* [AIM OF THE EXERCISE]
All entries are to be reproduced exactly; the pictures are to be omitted.

▼▼▼

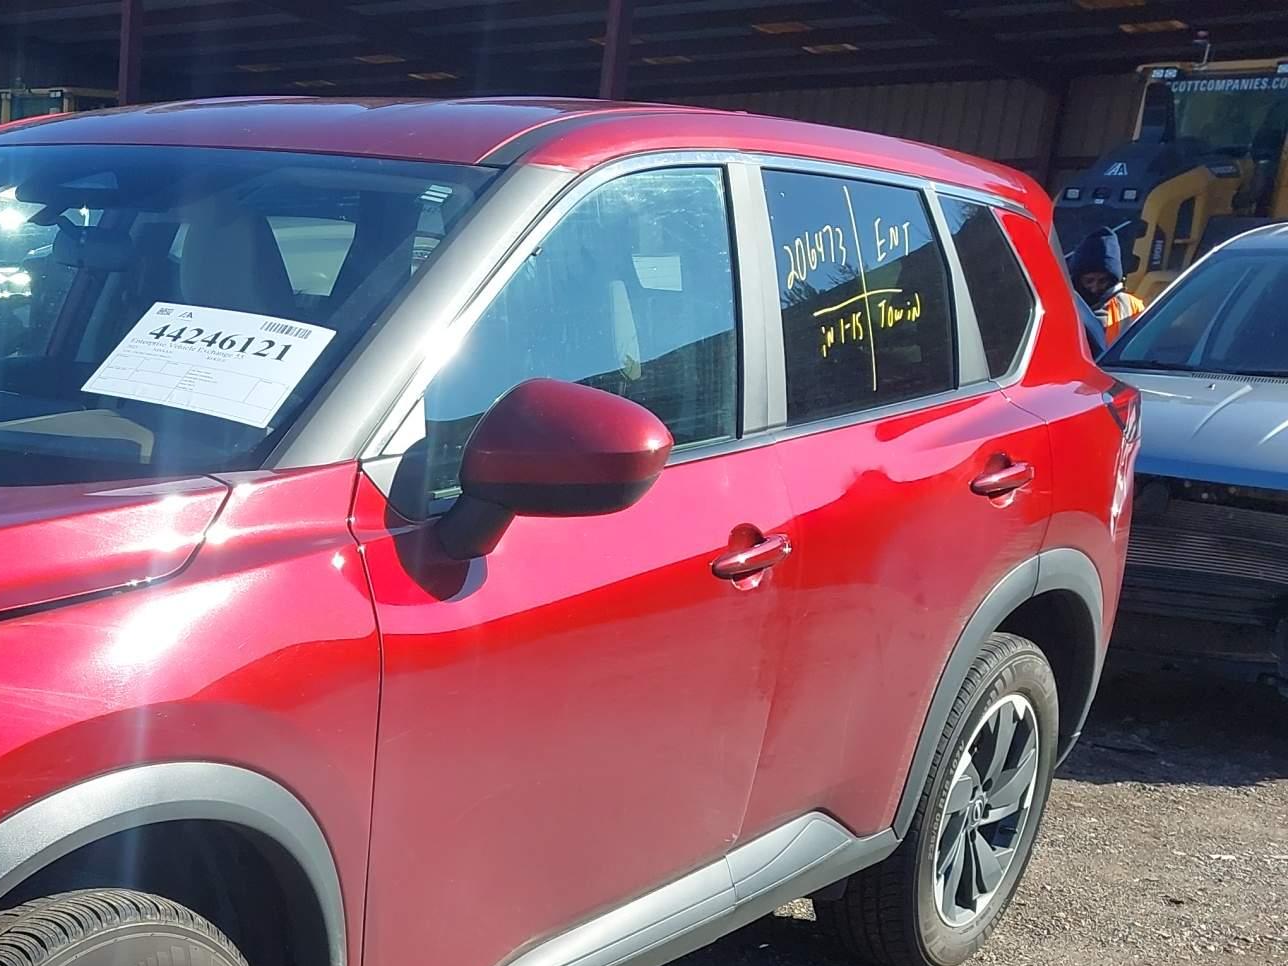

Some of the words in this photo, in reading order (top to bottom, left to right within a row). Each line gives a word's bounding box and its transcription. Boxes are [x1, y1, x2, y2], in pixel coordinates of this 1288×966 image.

[1165, 78, 1288, 93] COTTCOMPANIES.CO
[783, 224, 847, 290] 206473
[874, 217, 910, 262] ENT
[149, 324, 293, 362] 44246121
[840, 311, 864, 344] 1-15
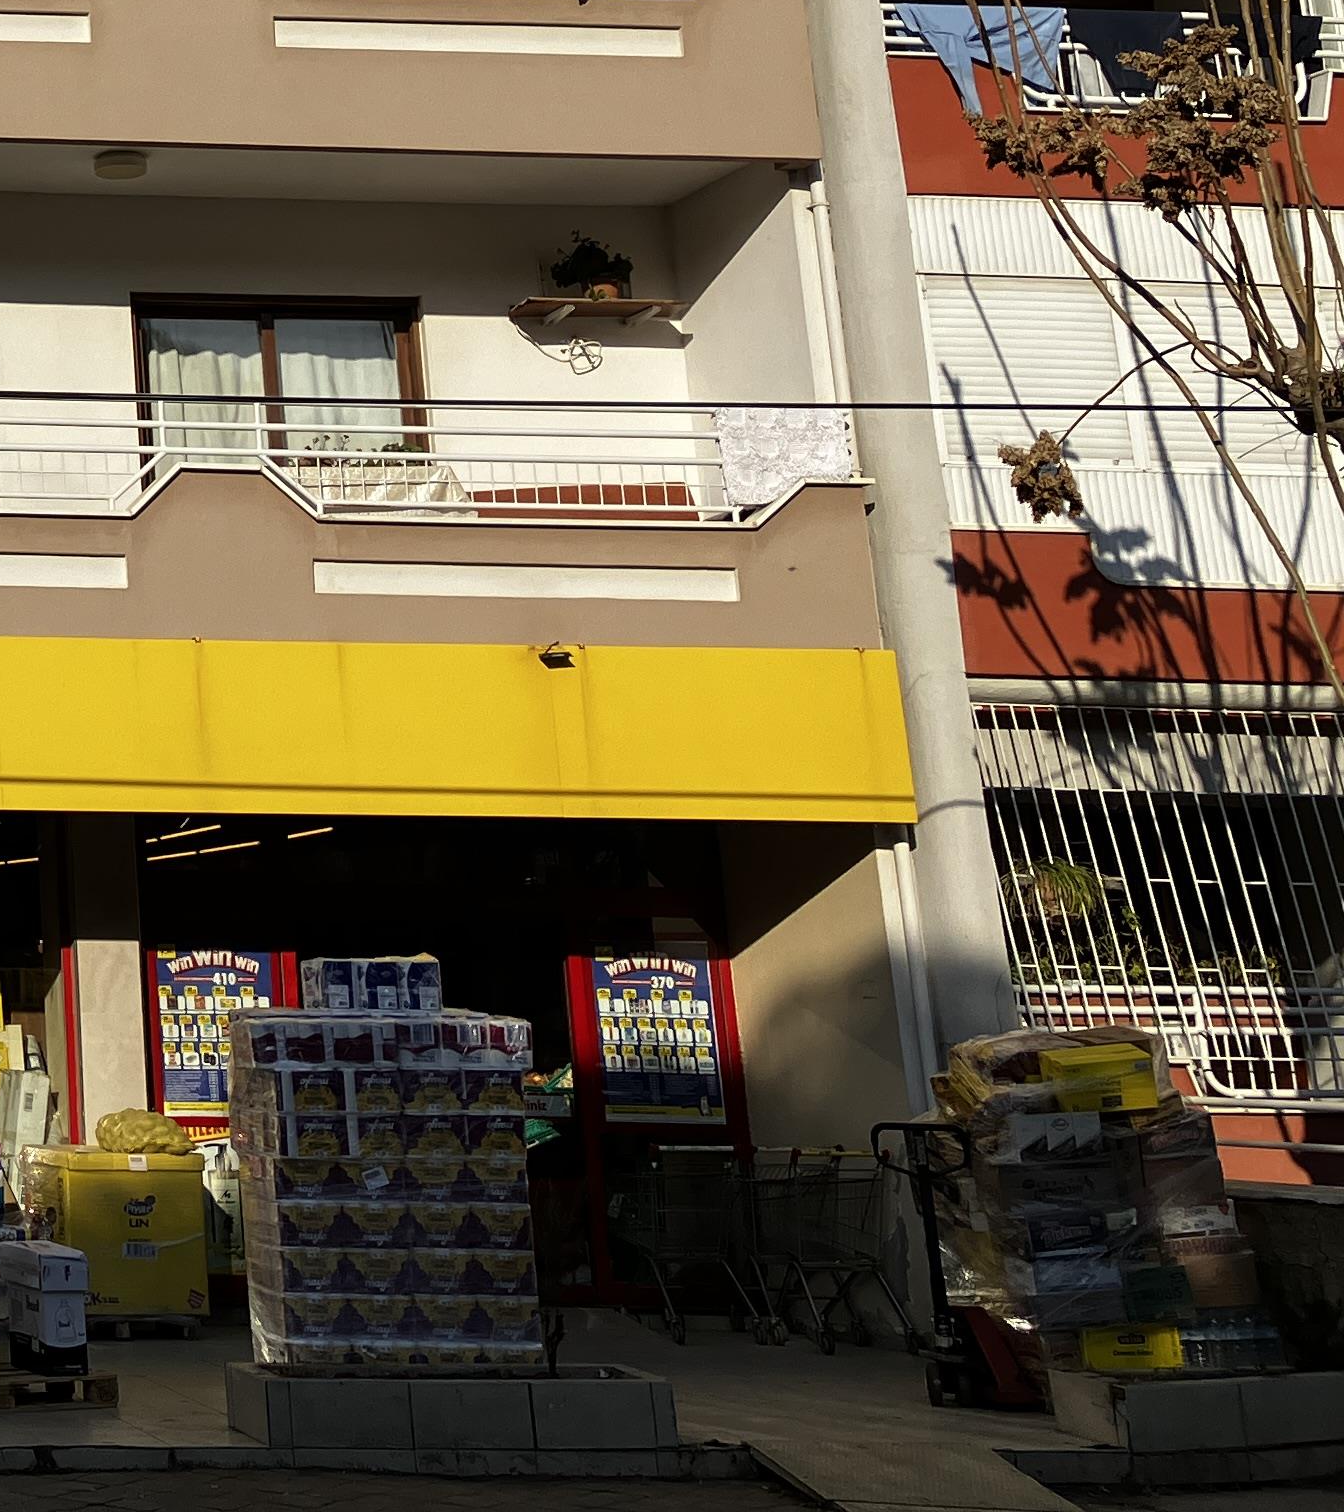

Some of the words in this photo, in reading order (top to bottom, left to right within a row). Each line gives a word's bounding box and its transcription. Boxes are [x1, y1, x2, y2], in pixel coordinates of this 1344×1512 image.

[213, 972, 238, 986] 410
[650, 975, 675, 989] 370
[129, 1218, 150, 1228] UN

▲▲▲

* [EXERCISE SOLUTION]
Some of the words in this photo, in reading order (top to bottom, left to right within a row). Each line gives a word's bounding box and its transcription. Boxes are [x1, y1, x2, y2], in pixel coordinates of this 1288×966 image.

[1165, 78, 1288, 93] COTTCOMPANIES.CO
[783, 224, 847, 290] 206473
[874, 217, 910, 262] ENT
[149, 324, 293, 362] 44246121
[840, 311, 864, 344] 1-15

Some of the words in this photo, in reading order (top to bottom, left to right within a row). Each line gives a word's bounding box and its transcription. Boxes are [x1, y1, x2, y2], in pixel coordinates of this 1344×1512 image.

[213, 972, 238, 986] 410
[650, 975, 675, 989] 370
[129, 1218, 150, 1228] UN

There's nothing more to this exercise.